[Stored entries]
--- START ---
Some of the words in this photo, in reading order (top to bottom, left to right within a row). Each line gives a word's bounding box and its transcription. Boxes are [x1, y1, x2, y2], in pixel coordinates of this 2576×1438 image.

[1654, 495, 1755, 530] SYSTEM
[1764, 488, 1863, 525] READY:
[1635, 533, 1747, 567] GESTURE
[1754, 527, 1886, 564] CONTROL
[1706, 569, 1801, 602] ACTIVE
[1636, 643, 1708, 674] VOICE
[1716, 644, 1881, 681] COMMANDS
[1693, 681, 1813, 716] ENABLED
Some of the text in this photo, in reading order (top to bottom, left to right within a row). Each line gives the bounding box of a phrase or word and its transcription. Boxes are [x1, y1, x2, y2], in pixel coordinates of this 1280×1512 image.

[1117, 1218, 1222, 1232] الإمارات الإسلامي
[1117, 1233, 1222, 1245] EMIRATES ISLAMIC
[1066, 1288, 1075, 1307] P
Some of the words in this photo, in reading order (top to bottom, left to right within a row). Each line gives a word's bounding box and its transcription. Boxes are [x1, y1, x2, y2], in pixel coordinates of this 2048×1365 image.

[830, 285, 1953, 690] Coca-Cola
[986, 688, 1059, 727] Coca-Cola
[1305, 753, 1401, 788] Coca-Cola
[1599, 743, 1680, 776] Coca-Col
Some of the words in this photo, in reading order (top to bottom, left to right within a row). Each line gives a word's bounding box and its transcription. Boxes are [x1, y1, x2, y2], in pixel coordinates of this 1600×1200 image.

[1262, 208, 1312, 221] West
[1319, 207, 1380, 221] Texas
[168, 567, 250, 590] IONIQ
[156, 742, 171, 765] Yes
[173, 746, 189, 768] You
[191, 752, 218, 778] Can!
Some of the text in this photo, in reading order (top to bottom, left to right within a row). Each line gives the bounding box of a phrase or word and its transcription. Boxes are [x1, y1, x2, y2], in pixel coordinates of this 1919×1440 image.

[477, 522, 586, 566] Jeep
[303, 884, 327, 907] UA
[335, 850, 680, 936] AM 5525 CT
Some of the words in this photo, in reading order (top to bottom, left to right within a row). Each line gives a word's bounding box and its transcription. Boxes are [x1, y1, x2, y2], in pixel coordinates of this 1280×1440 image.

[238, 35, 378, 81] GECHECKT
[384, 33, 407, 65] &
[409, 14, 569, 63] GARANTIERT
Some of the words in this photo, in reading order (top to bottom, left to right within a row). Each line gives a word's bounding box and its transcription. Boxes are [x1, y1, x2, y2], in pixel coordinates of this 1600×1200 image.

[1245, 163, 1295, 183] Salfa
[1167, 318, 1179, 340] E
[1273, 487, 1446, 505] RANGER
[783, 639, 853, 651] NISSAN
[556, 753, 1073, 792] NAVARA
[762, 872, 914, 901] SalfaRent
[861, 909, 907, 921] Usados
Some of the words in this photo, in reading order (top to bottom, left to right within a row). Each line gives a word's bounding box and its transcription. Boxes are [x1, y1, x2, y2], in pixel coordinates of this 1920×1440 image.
--- END ---
* **BRIEF**:
Copy out the records once more, with nothing altered.

* **TASK OUTPUT**:
Some of the words in this photo, in reading order (top to bottom, left to right within a row). Each line gives a word's bounding box and its transcription. Boxes are [x1, y1, x2, y2], in pixel coordinates of this 2576×1438 image.

[1654, 495, 1755, 530] SYSTEM
[1764, 488, 1863, 525] READY:
[1635, 533, 1747, 567] GESTURE
[1754, 527, 1886, 564] CONTROL
[1706, 569, 1801, 602] ACTIVE
[1636, 643, 1708, 674] VOICE
[1716, 644, 1881, 681] COMMANDS
[1693, 681, 1813, 716] ENABLED
Some of the text in this photo, in reading order (top to bottom, left to right within a row). Each line gives the bounding box of a phrase or word and its transcription. Boxes are [x1, y1, x2, y2], in pixel coordinates of this 1280×1512 image.

[1117, 1218, 1222, 1232] الإمارات الإسلامي
[1117, 1233, 1222, 1245] EMIRATES ISLAMIC
[1066, 1288, 1075, 1307] P
Some of the words in this photo, in reading order (top to bottom, left to right within a row). Each line gives a word's bounding box and its transcription. Boxes are [x1, y1, x2, y2], in pixel coordinates of this 2048×1365 image.

[830, 285, 1953, 690] Coca-Cola
[986, 688, 1059, 727] Coca-Cola
[1305, 753, 1401, 788] Coca-Cola
[1599, 743, 1680, 776] Coca-Col
Some of the words in this photo, in reading order (top to bottom, left to right within a row). Each line gives a word's bounding box and its transcription. Boxes are [x1, y1, x2, y2], in pixel coordinates of this 1600×1200 image.

[1262, 208, 1312, 221] West
[1319, 207, 1380, 221] Texas
[168, 567, 250, 590] IONIQ
[156, 742, 171, 765] Yes
[173, 746, 189, 768] You
[191, 752, 218, 778] Can!
Some of the text in this photo, in reading order (top to bottom, left to right within a row). Each line gives the bounding box of a phrase or word and its transcription. Boxes are [x1, y1, x2, y2], in pixel coordinates of this 1919×1440 image.

[477, 522, 586, 566] Jeep
[303, 884, 327, 907] UA
[335, 850, 680, 936] AM 5525 CT
Some of the words in this photo, in reading order (top to bottom, left to right within a row). Each line gives a word's bounding box and its transcription. Boxes are [x1, y1, x2, y2], in pixel coordinates of this 1280×1440 image.

[238, 35, 378, 81] GECHECKT
[384, 33, 407, 65] &
[409, 14, 569, 63] GARANTIERT
Some of the words in this photo, in reading order (top to bottom, left to right within a row). Each line gives a word's bounding box and its transcription. Boxes are [x1, y1, x2, y2], in pixel coordinates of this 1600×1200 image.

[1245, 163, 1295, 183] Salfa
[1167, 318, 1179, 340] E
[1273, 487, 1446, 505] RANGER
[783, 639, 853, 651] NISSAN
[556, 753, 1073, 792] NAVARA
[762, 872, 914, 901] SalfaRent
[861, 909, 907, 921] Usados
Some of the words in this photo, in reading order (top to bottom, left to right within a row). Each line gives a word's bounding box and its transcription. Boxes are [x1, y1, x2, y2], in pixel coordinates of this 1920×1440 image.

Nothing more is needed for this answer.